How to complete this task:
No pictures are to be included when the entries below are reproduced exactly.

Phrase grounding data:
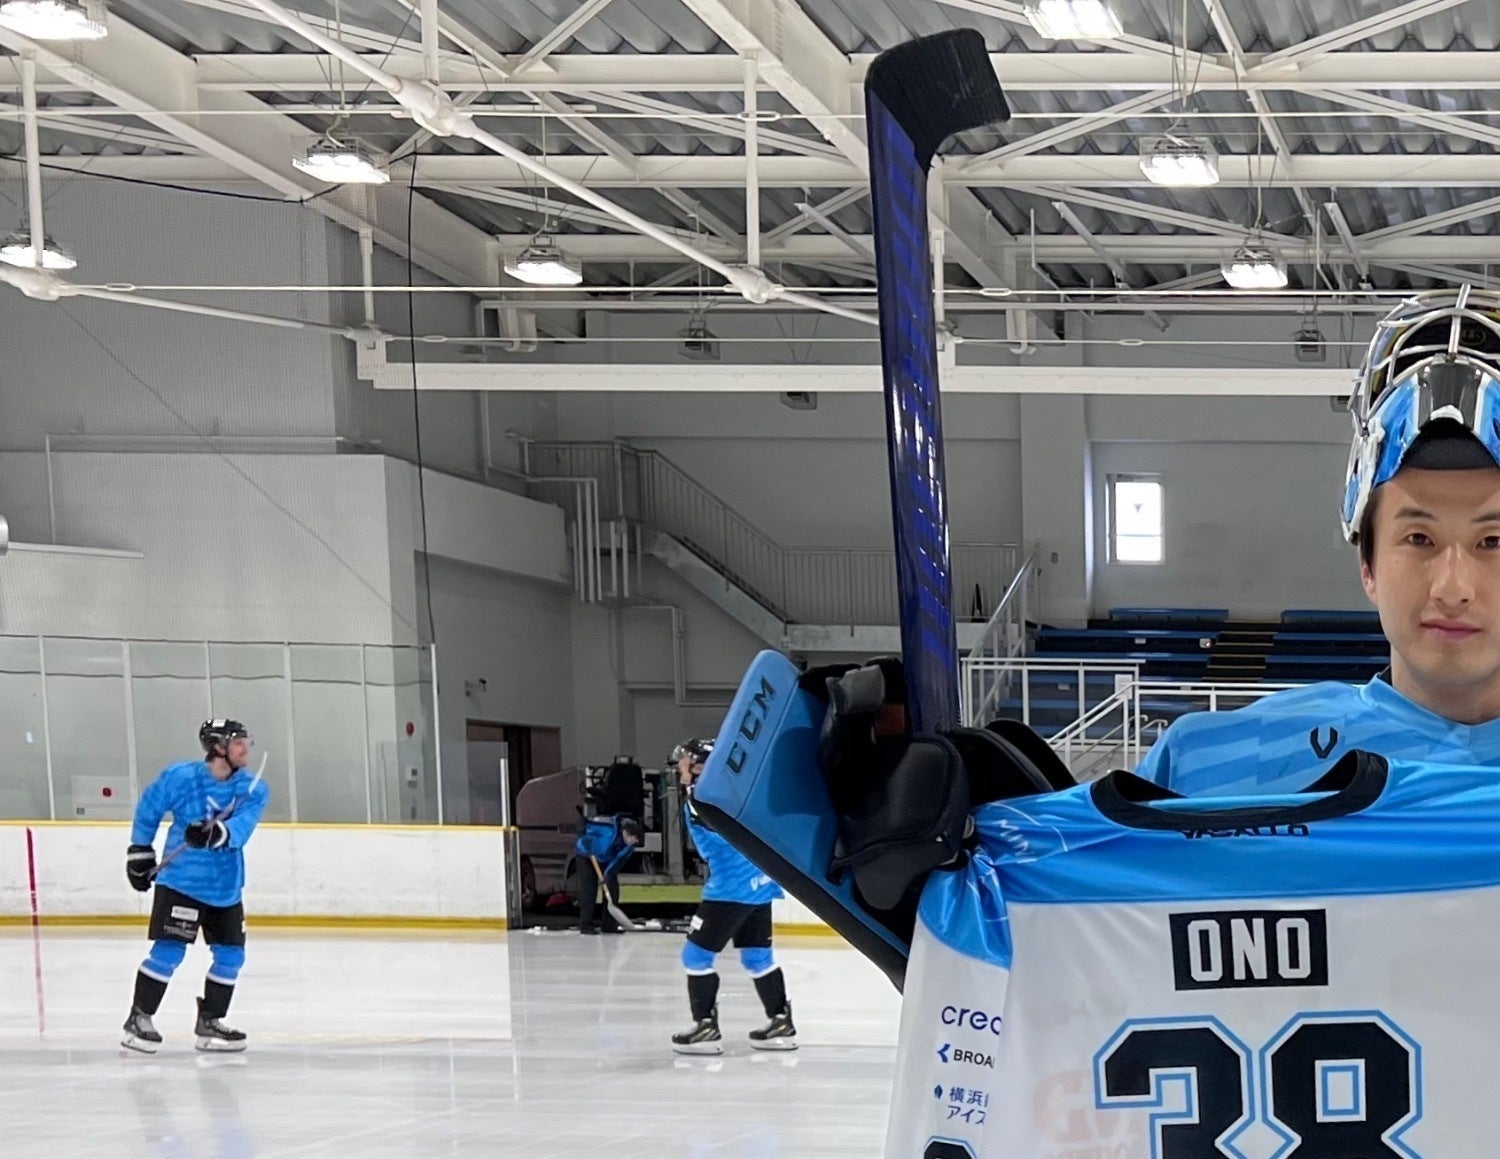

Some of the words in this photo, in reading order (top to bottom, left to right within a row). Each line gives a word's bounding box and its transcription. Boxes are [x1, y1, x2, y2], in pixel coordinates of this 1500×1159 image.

[726, 676, 775, 774] CCM
[1187, 917, 1311, 982] ONO
[953, 1048, 996, 1069] BROA
[949, 1086, 989, 1108] 横浜

Written solution:
Some of the words in this photo, in reading order (top to bottom, left to right within a row). Each line gives a word's bounding box and its transcription. Boxes are [x1, y1, x2, y2], in pixel coordinates of this 1500×1159 image.

[726, 676, 775, 774] CCM
[1187, 917, 1311, 982] ONO
[953, 1048, 996, 1069] BROA
[949, 1086, 989, 1108] 横浜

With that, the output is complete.